Hacker News new | ask | show | jobs
by nverno 608 days ago
> society would be very well served

A society that encourages people to off themselves because they are a burden doesn't sound nice to me. I think anyone should have the choice (legally) to end their life, but it would be gross if people actually started talking about how that would be good for everyone else.

1 comments

Nice or not, the numbers are the numbers. A society that dedicates too many of its resources to servicing old people who cannot provide anything back to society will not fare well on the global scene.

How much productivity can one expect to transfer from young people to old people if the total fertility rate is too low? Surely the cracks start to appear when there are 2 old people for every 1 young person? Absent sufficient automation, of course.

Canada is a rich and prosperous nation. How do you figure “too many of its resources” is being spent on elderly care??
That is up to Canadians to decide. A common effect is decreasing purchasing power of currency, which typically causes political turmoil because young workers want to be able to buy things they want if they are going to be incentivized to work.

Typically, this causes asset price inflation, where the government tries to keep the most active voters (old people) happy, and to do that, they try to keep old people’s purchasing power from diminishing too much. And since older people have more assets than younger people, it effectively results in a transfer of the fruits of the country’s productivity from young to old.

I don’t know how accurate a picture the media and the rhetoric on the internet paints, but this seems to be a growing issue in Canada, at least from changes in their real estate prices relative to income.

At the end of the day, people who don’t work need people who work. But people who work don’t need people who don’t work. Presumably, if people who work never received anything in exchange, then they would not be incentivized to works.

And so the implied contract is people work now and give to people who don’t work, and in exchange, in the future, they will be the people who don’t work and receive from people who work.

But if there will be fewer people who work in the future, and not sufficient automation, and people who work now see perhaps their parents getting less than they expect, and they see TFR trends, and put two and two together and realize they are not going to get what they put in, then they may choose to opt out of this contract.

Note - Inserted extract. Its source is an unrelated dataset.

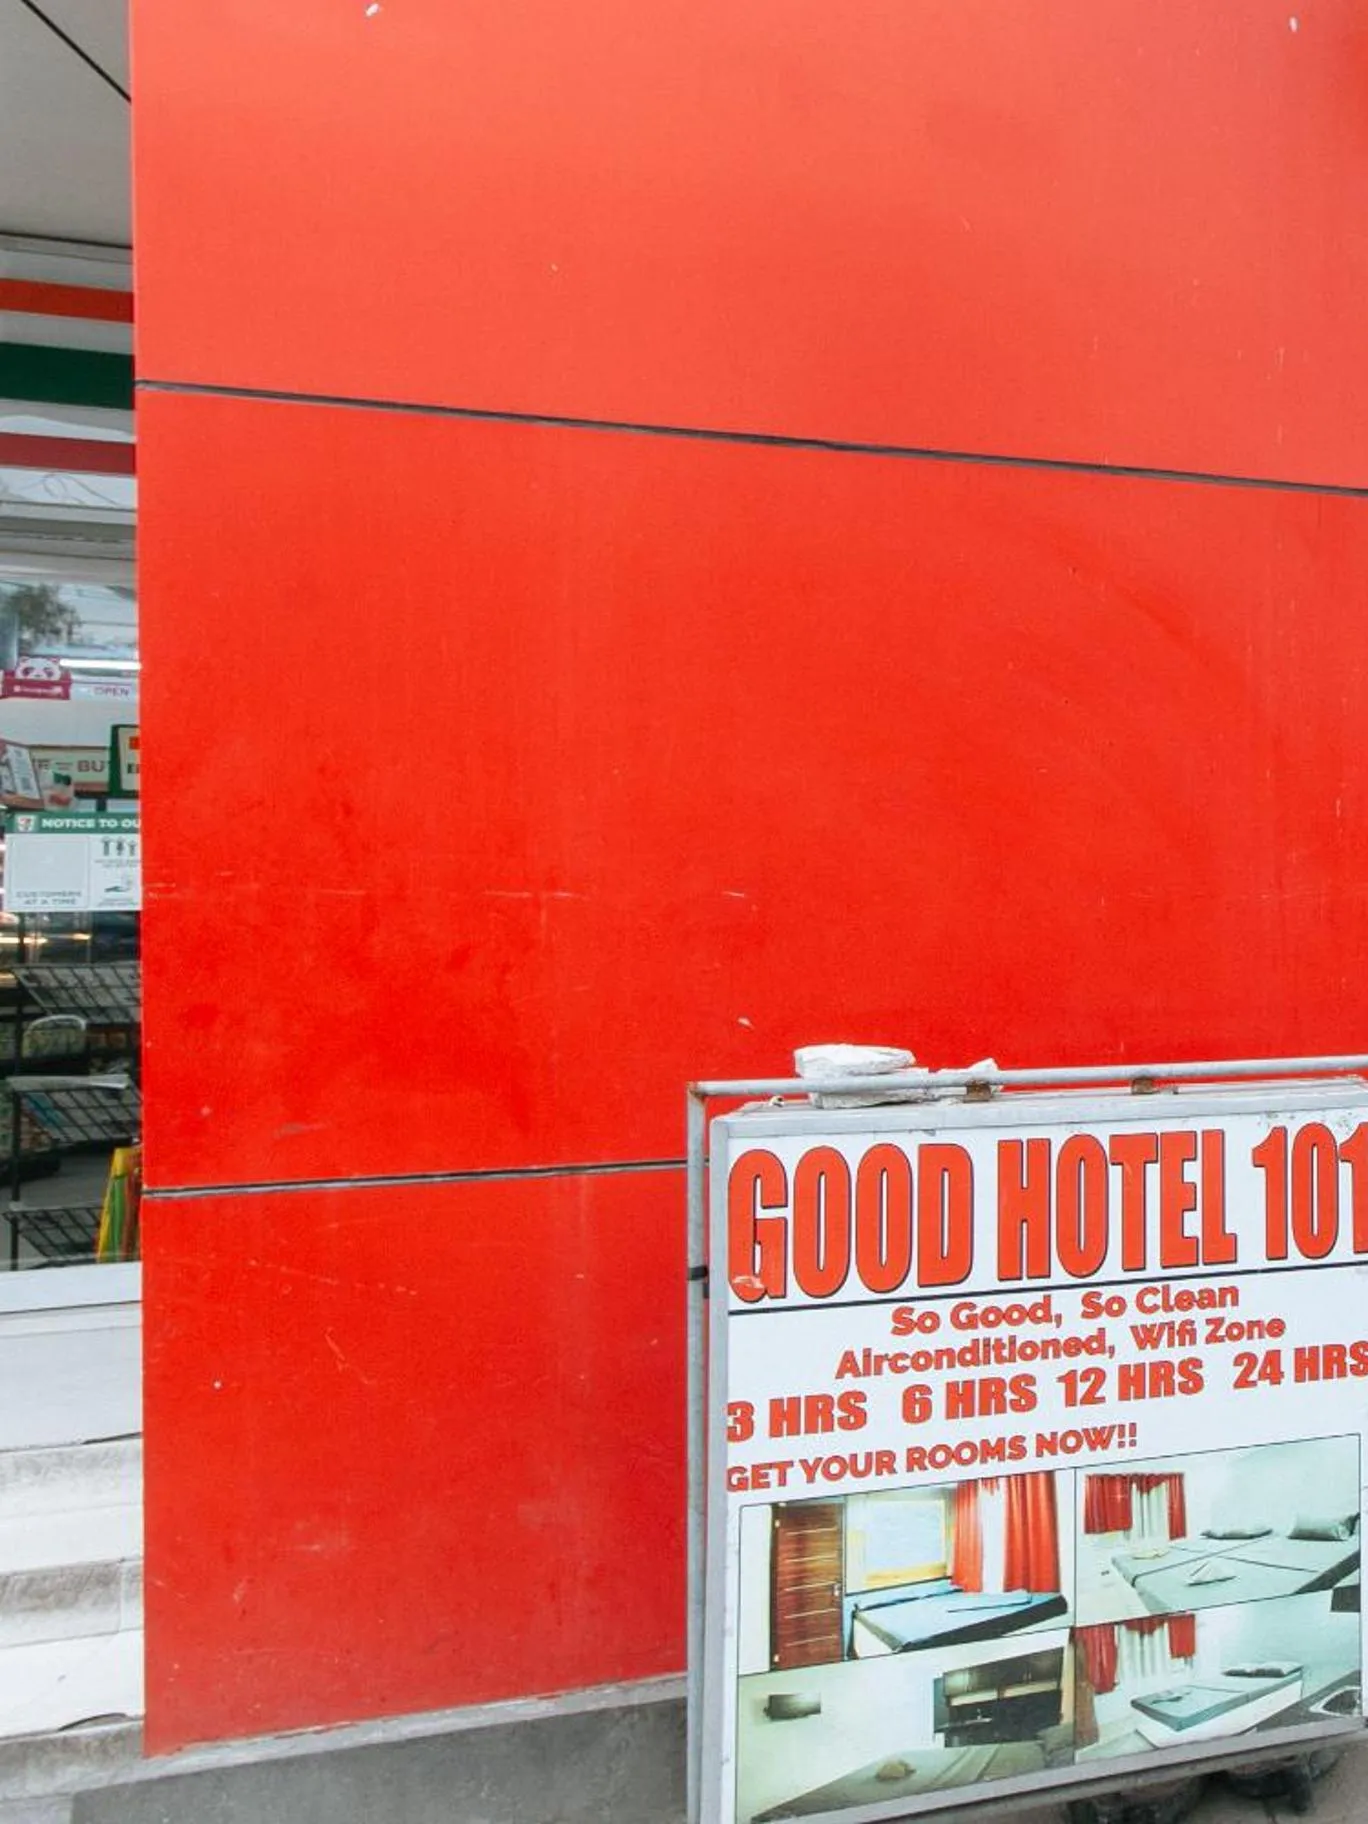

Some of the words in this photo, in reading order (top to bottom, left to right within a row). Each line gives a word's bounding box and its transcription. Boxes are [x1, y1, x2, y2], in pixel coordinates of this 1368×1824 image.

I agree with your main points.
I don't think Canada behaves like a rich and prosperous nation, honestly

The way Canada operates me reminds me of people I know who have poverty mindset. Spending money on longterm investments seems unthinkable here

I think it's a side effect of politicians only really caring about the next election cycle. Any investment that won't pay off before the next election is sidelined

But that mindset is pervasive. If we don't have the resources for old people, then what about chronically ill? Everything gets optimalized away, then we end up with inadequate care for children...and if society is not even capable to provide that, why have it at all?
That’s just stupid. Even at its most evil, a policy optimized for cold economic efficiency with no ethics would have more resources for children because children are a valuable investment.